Fandom in those days was still at least 75% male. Closer to 85%. But post-Star Trek the gender imbalance began to right itself. It took a while, however, for us to reach the point where female filkers can outnumber males at a sing. Another gender aspect, at least in Midwest filk, was that most female filkers had sweet and soft voices and it was sometimes hard to break in and do a "filker up." I never had that trouble, but I got annoyed occasionally when I saw some femme I wanted to hear not being able to get into the melee of booming male voices doing -- usually -- bawdy and SCA-adapted stuff. I had to use my built-in mike now and then to play announcer for the patiently waiting sweet voice.

SCA and Star Trek fans seemed to discover fandom almost simultaneously. What that did was to bring in a whole lot of people, a lot of them female, and boosted the numbers of singers wonderfully.

And it brought in new material. Some of these people had cut their musical teeth on R&R and began composing accordingly. And there was a lot more composing, a lot more genuinely original material sprouting up everywhere. So much so it eventually spawned the Willitses and other demon collectors to start compiling every piece of alleged filk they could get their hands on.

From being ignored or actively opposed by concoms, filkers began to get rooms to sing in at cons. Not always, but often enough that the old timers felt a New Millennium had dawned. Concoms had recognized that some people paid for a membership because they wanted to listen to or participate in filk -- so the con had better make sure filk was on the program and it had a space to use.

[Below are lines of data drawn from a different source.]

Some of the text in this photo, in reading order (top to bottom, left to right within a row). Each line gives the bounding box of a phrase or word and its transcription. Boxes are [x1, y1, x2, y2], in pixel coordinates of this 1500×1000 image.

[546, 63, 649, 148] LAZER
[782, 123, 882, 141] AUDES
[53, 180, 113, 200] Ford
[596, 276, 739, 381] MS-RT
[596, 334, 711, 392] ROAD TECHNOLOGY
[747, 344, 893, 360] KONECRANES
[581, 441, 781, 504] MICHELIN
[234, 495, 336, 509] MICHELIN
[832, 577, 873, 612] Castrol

Newer filkers came in with newer attitudes to not just the vocals and writing but also to instrumentation. The old standards of acoustic guitars and -- extremely rarely -- an upright or baby grand piano were joined by electric guitars and electronic keyboards and all sorts of other interesting music makers. Filk writers cast wider and wider nets and brought in styles of composing from far outside the mostly folkie orientation of the '50s and '60s.

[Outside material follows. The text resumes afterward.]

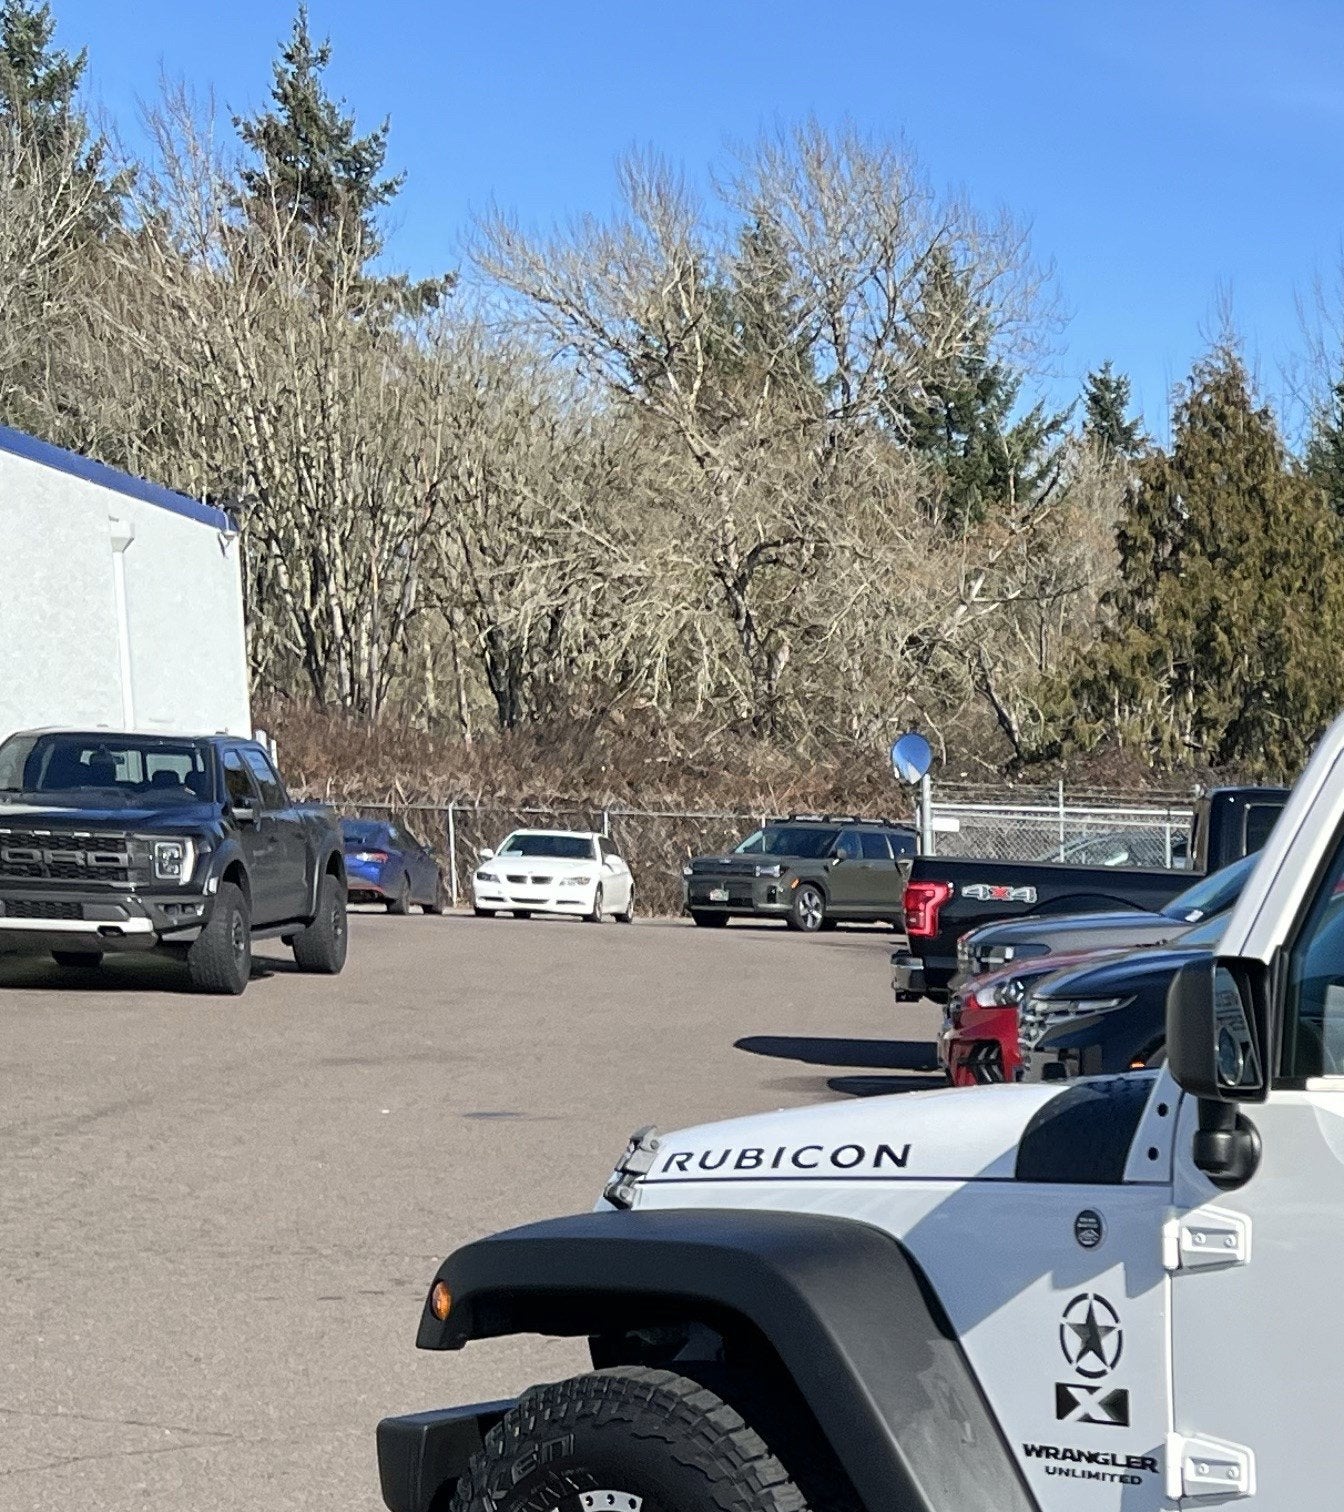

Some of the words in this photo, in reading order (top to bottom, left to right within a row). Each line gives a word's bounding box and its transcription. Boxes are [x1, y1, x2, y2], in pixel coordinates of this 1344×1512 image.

[661, 1143, 913, 1174] RUBICON
[1022, 1443, 1160, 1474] WRANGLER
[1044, 1465, 1143, 1486] UNLIMITED

That trend accelerated mightily throughout the '70s and '80s and '90s. So did the numbers of filkers. And cons. No one could have dreamed in the '50s and '60s that someday we'd have entire cons devoted to nothing but filk.

Filk also, alas, did some fragmenting. Part of that was due to the new recording phenomenon. Some friendships end, and if they've been business connected, that raises hell with the business. Partnerships fell apart. And on the other end, the people singing into the mikes and the ardent audiences listening to these new stars in the filk firmament -- we had a filk generation in love with the concept of recordings, and watching things being recorded. That trend glutted filk rooms at worldcons which had provided multiple filking rooms for our convenience. (Ah! Bliss!) Instead of parceling themselves out sensibly, everyone insisted on being in the one room where the recording was taking place.

Studio recordings eased that problem a trifle and introduced yet another new situation to filkdom: the concert star. People who record have large repertoires by necessity. And listeners want to hear those songs. Hear a LOT of those songs. So the dedicated filk cons and the cons with dedicated filk tracks sprang up to provide audiences with big chunks of those stars' repertoires.

We still have open filking, bardic circles, and Midwestern chaos, and even Filthy's obligatory "follow the bouncing ball" singalongs. But a lot of modern aspects have been added to what was originally two or three isolated proto-filkers sitting in a hotel corridor swapping their repertoires of three, count 'em, three songs apiece. I happen to think the results are richer. And there's certainly a choice available for every taste, in modern filk. At a dedicated filk con or filk-track gen con there's nothing to stop you from finding a quiet corner and playing your three or four favorite songs for a tiny group of appreciative friends. Then you can go to the huckster room and buy the stars' CDs and go back to more concerts and hear the latest and newest star or star group perform -- and rush back and buy more CDs. Or maybe sit down again in your corner and write a parody based on one of the new star's newest songs.

Which means the circle still remains unbroken. It's all about music, stupid, and loving music.

PWL: When did you start writing science fiction?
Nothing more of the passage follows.